Ils se mettaient en route, quand un homme du village même, qui lisait quelquefois les gazettes, les arrêta.

— Prenez garde à ce que vous allez faire, prononça-t-il. Ne savez-vous donc pas que depuis le retour des Bourbons, M. d’Escorval n’est plus rien ?… Fouché l’a couché sur ses listes de proscription, il est ici en exil et la police le surveille.

À cette seule objection, tout l’enthousiasme tomba.

— C’est pourtant vrai, murmurèrent plusieurs vieux, une visite à M. d’Escorval nous ferait, peut-être, bien du tort… Et d’ailleurs, quel conseil nous donnerait-il ?

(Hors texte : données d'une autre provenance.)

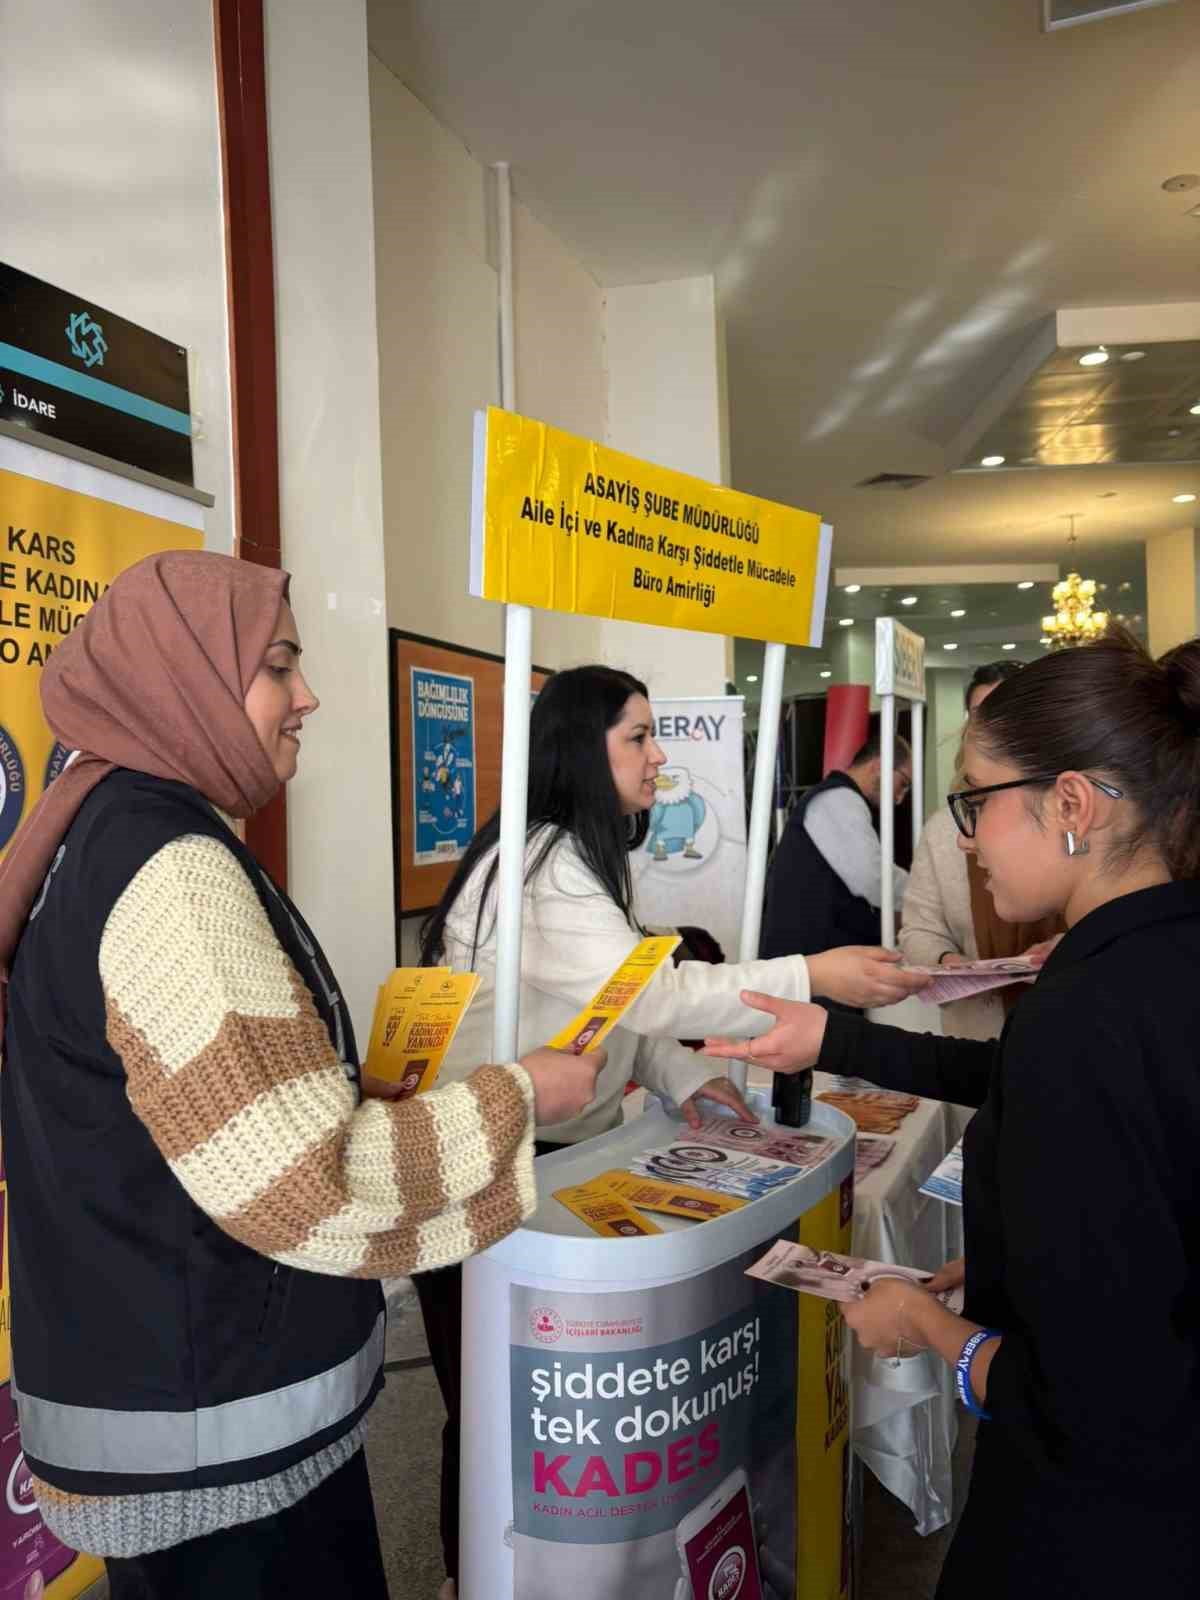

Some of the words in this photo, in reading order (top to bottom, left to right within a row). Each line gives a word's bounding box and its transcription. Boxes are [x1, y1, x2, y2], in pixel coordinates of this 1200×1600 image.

[13, 388, 57, 419] İDARE
[583, 471, 640, 513] ASAYİŞ
[643, 492, 679, 521] ŞUBE
[682, 502, 760, 545] MÜDÜRLÜĞÜ
[7, 525, 76, 566] KARS
[520, 496, 554, 528] Aile
[559, 500, 580, 537] İçi
[584, 519, 602, 538] ve
[606, 521, 654, 553] Kadına
[657, 535, 691, 567] Karşı
[693, 544, 744, 576] Şiddetle
[746, 558, 797, 588] Mücadele
[25, 567, 110, 604] KADIN
[633, 567, 664, 593] Büro
[665, 579, 717, 609] Amirliği
[651, 714, 726, 742] ERAY
[530, 1355, 691, 1403] şiddete
[700, 1316, 760, 1374] karşı
[531, 1406, 601, 1446] tek
[614, 1351, 760, 1443] dokunuş!
[532, 1422, 721, 1499] KADES
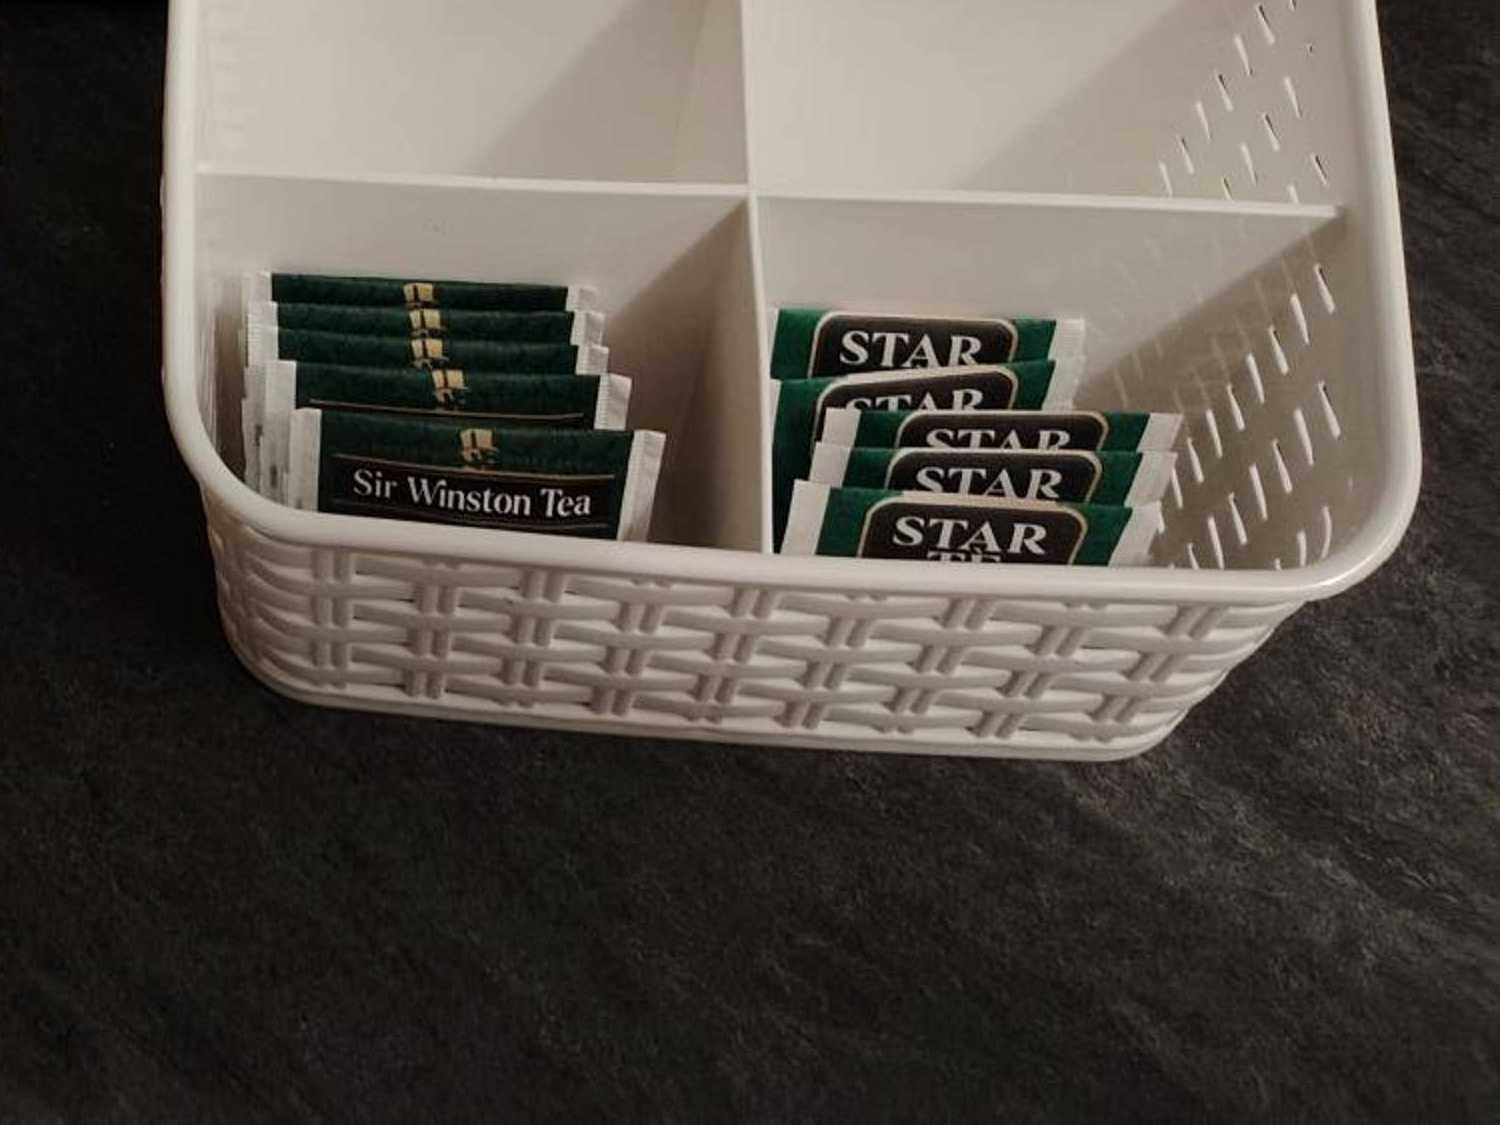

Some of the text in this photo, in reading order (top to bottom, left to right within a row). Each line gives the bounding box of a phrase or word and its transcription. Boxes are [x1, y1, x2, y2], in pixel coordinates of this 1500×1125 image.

[839, 330, 982, 368] STAR
[353, 468, 591, 518] Sir Winston Tea
[916, 466, 1062, 499] STAR
[893, 515, 1047, 555] STAR

Seul Chanlouineau avait oublié toute prudence.

— Qu’importe !… s’écria-t-il. Si M. d’Escorval n’a pas de conseil à nous donner, il peut toujours se mettre à notre tête et nous apprendre comment on résiste et comment on se défend.

Depuis un moment, le père Chupin étudiait d’un œil impassible ce grand déchaînement de colères. Au fond du cœur, il ressentait quelque chose de la monstrueuse satisfaction de l’incendiaire à la vue des flammes qu’il a allumées.

Peut-être avait-il déjà le pressentiment du rôle ignoble qu’il devait jouer quelques mois plus tard.

Mais, pour l’instant, satisfait de l’épreuve, il se posa en modérateur.

— Attendez donc, pour crier, qu’on vous écorche, prononça-t-il d’un ton ironique. Ne voyez-vous pas que j’ai tout mis au pis. Qui vous dit que le duc de Sairmeuse s’inquiétera de vous ? Qu’avez-vous de ses anciens domaines, entre vous tous ? Presque rien. Quelques landes, des pâtures et le coteau de la Borderie… Tout cela autrefois ne rapportait pas cinq cents pistoles par an…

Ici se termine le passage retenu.